(Data items)
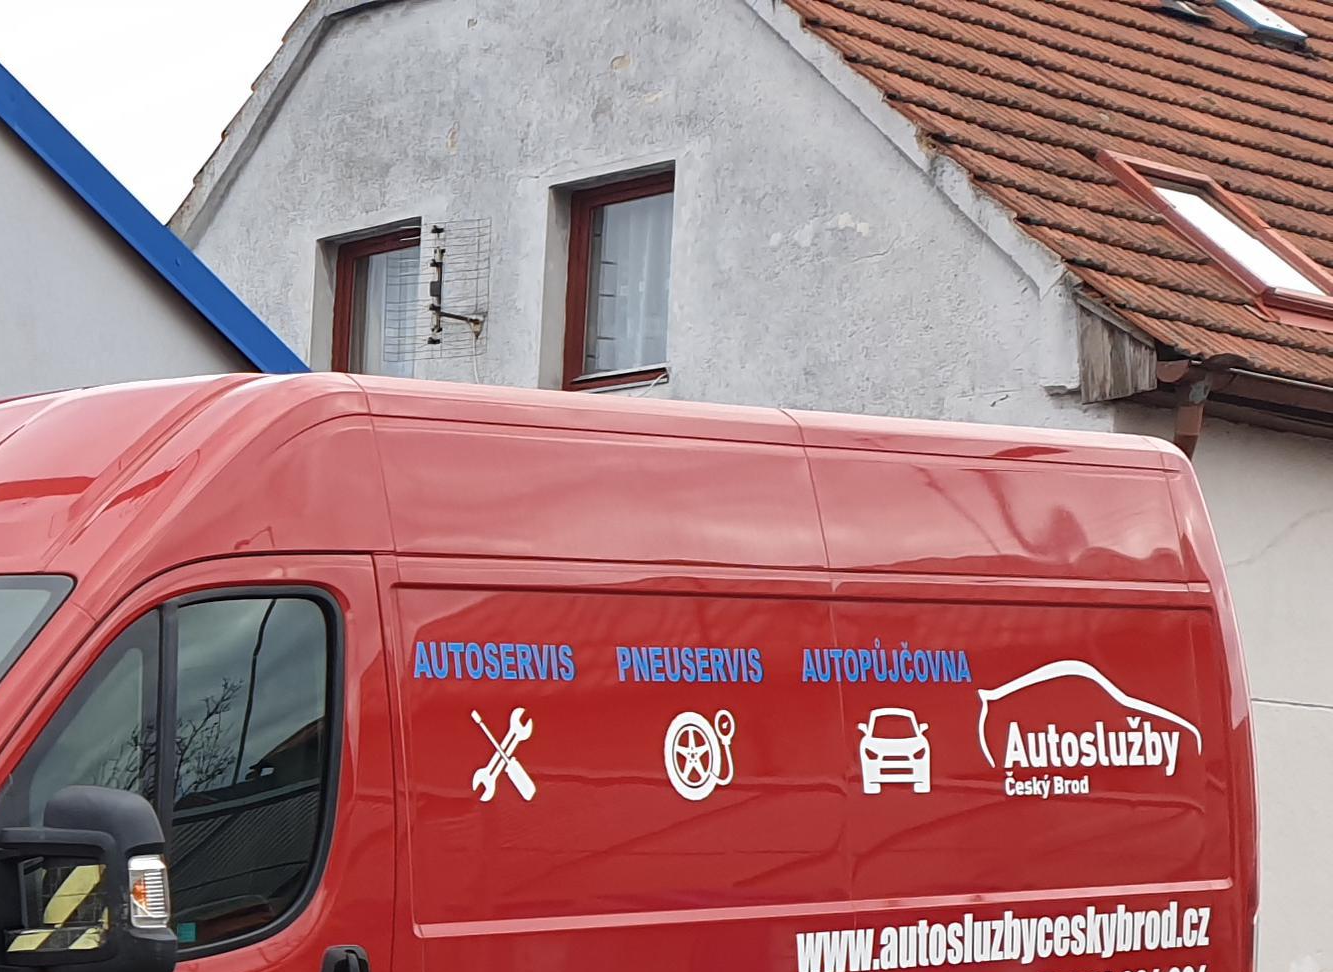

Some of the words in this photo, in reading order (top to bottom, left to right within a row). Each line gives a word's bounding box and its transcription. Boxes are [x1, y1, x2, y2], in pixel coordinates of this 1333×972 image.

[413, 641, 575, 681] AUTOSERVIS
[615, 646, 764, 683] PNEUSERVIS
[802, 637, 972, 683] AUTOPŮJČOVNA
[1004, 717, 1180, 776] Autoslužby
[1004, 771, 1051, 799] Český
[1053, 775, 1089, 795] Brod
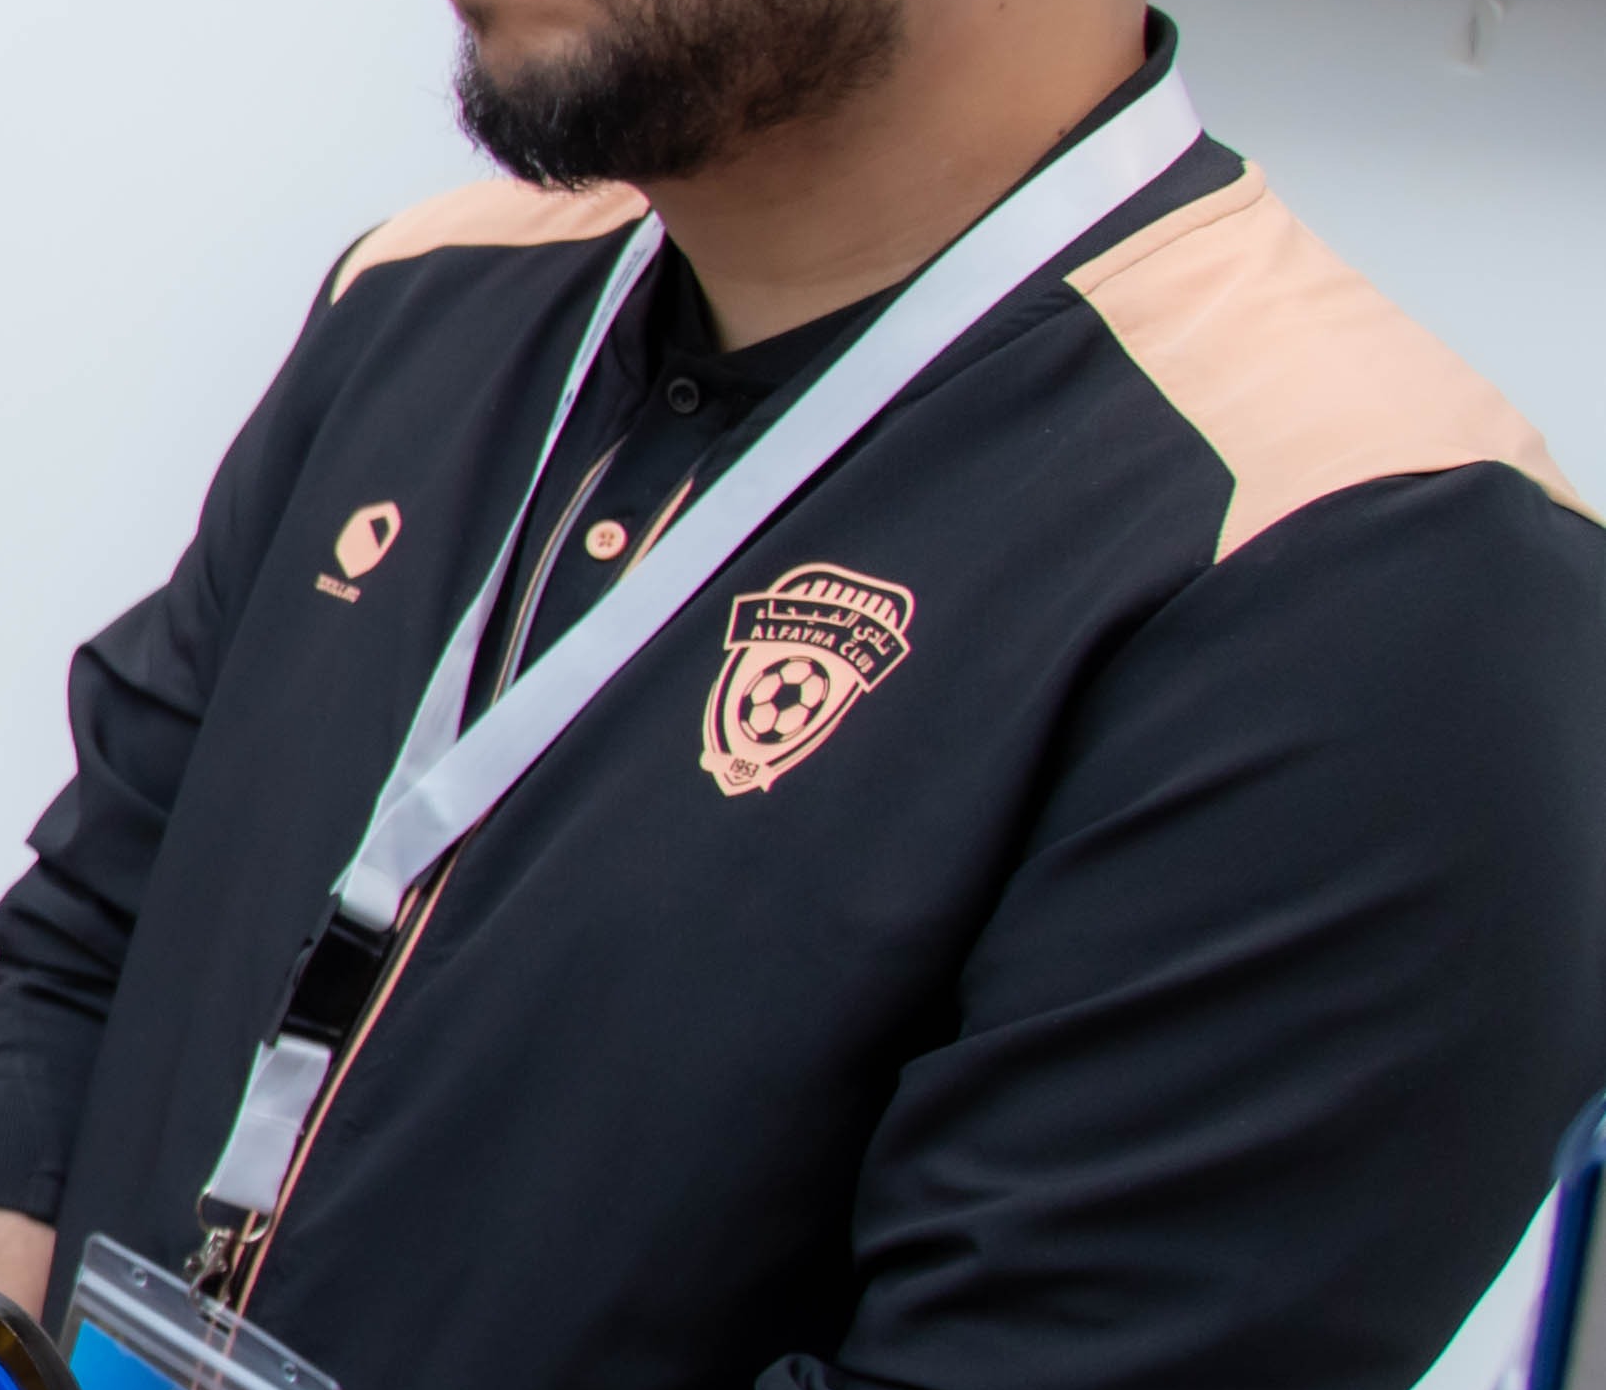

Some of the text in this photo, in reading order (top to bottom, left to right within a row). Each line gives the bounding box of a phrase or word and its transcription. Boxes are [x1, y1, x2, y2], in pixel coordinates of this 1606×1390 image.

[750, 624, 875, 673] ALFAYHA CLUB
[730, 758, 759, 778] 1953
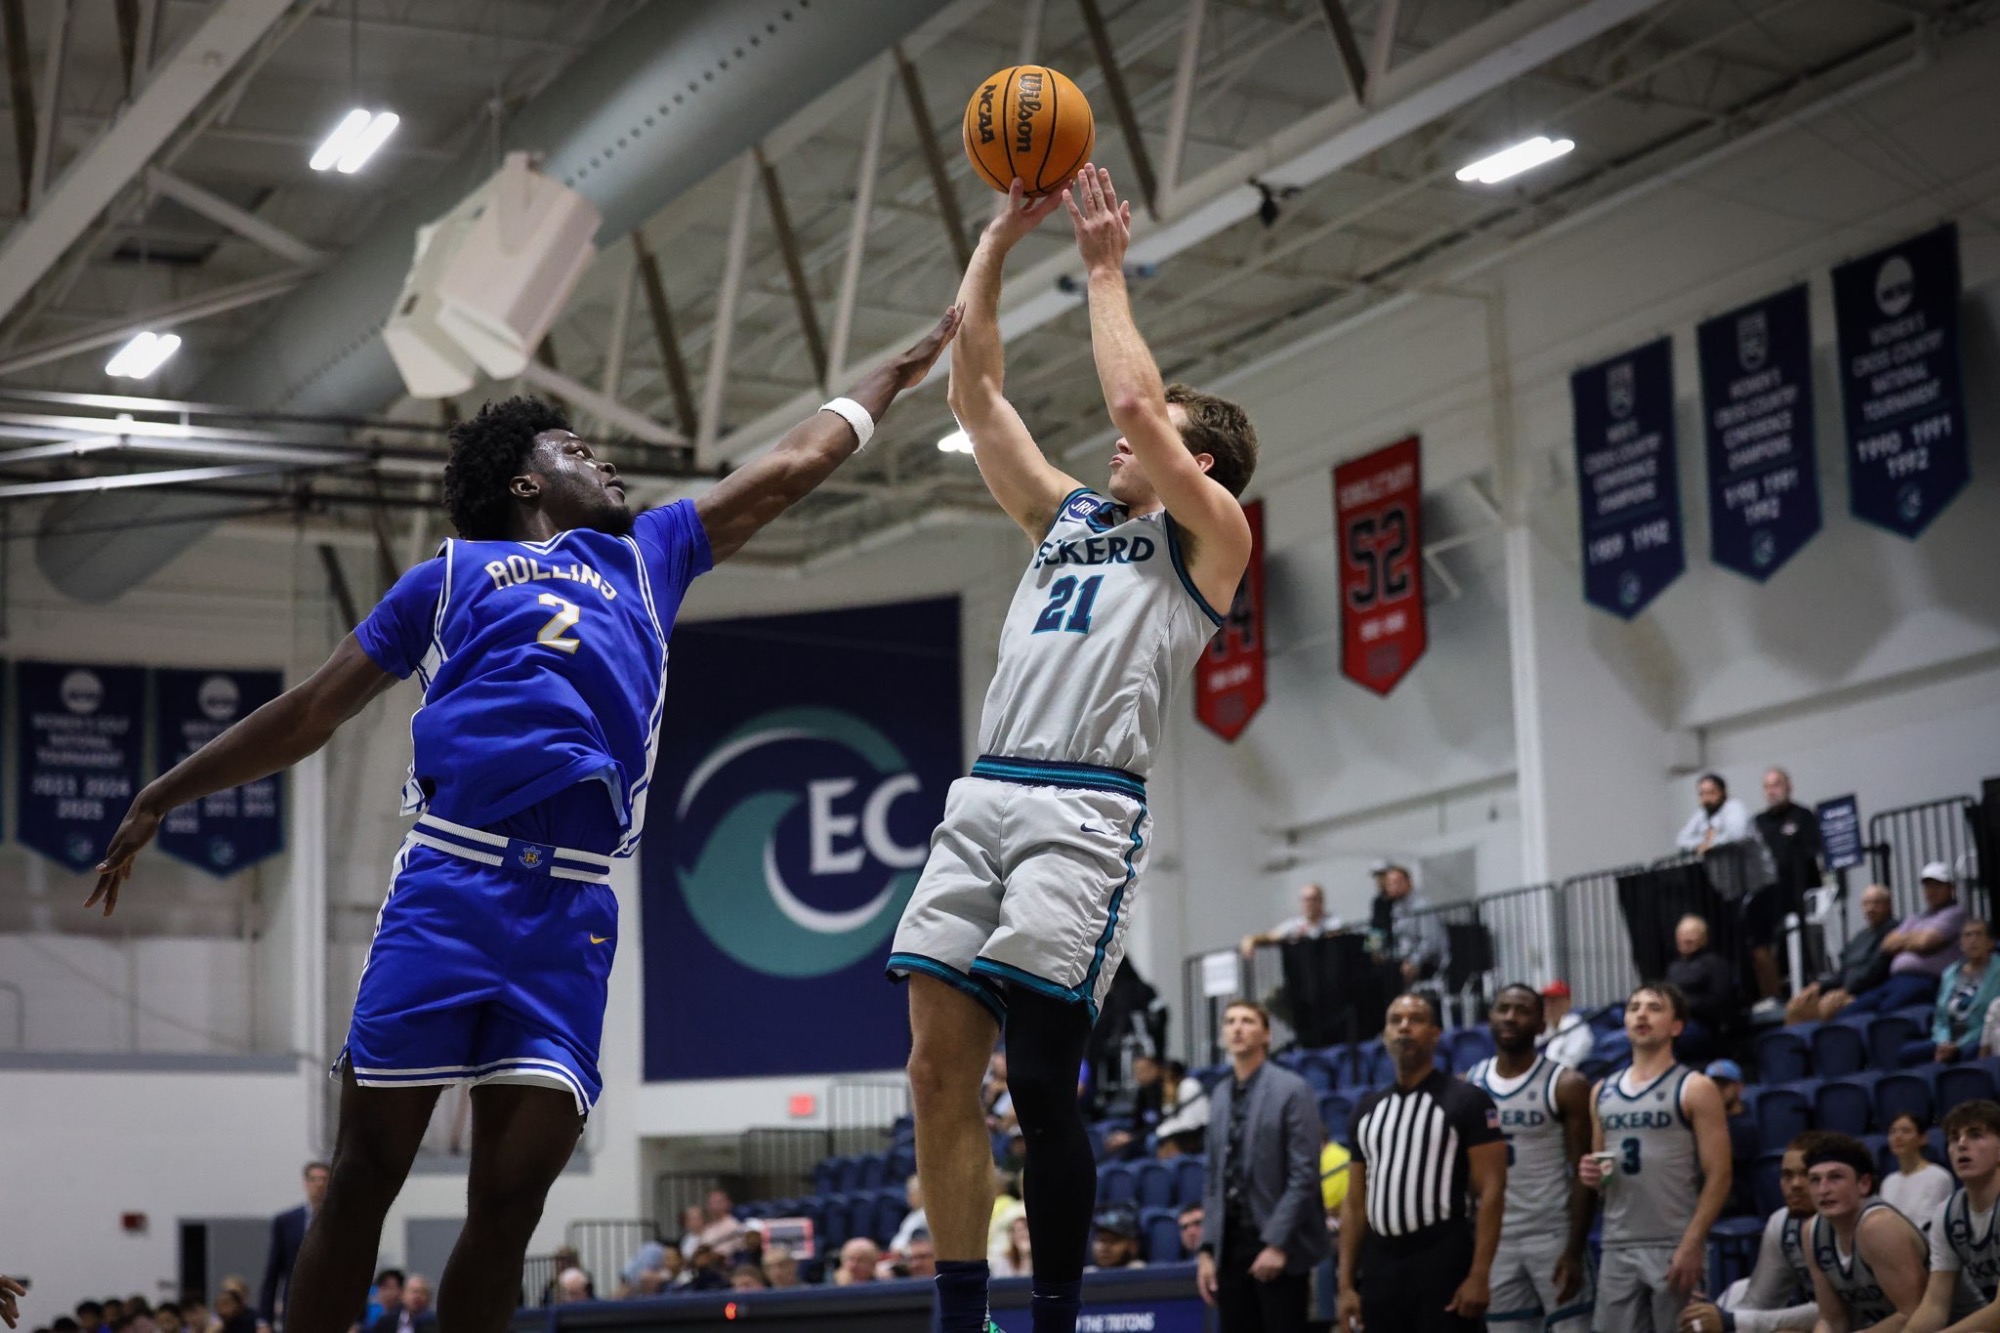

Description of the task:
Could every record be given again exactly, with its pictures left out?

Response to the task:
Some of the words in this photo, in reading order (top to bottom, left to right within a row). Each line gives a word's bounding box and its transcription. Boxes are [x1, y1, x2, y2], in pixel coordinates of this 1333×972 image.

[413, 641, 575, 681] AUTOSERVIS
[615, 646, 764, 683] PNEUSERVIS
[802, 637, 972, 683] AUTOPŮJČOVNA
[1004, 717, 1180, 776] Autoslužby
[1004, 771, 1051, 799] Český
[1053, 775, 1089, 795] Brod

Some of the text in this photo, in reading order (top to bottom, left to right within a row). Each line gives the bounding box of a phrase or word and its transcription. Boxes are [x1, y1, x2, y2], in pixel coordinates of this 1606×1390 image.

[750, 624, 875, 673] ALFAYHA CLUB
[730, 758, 759, 778] 1953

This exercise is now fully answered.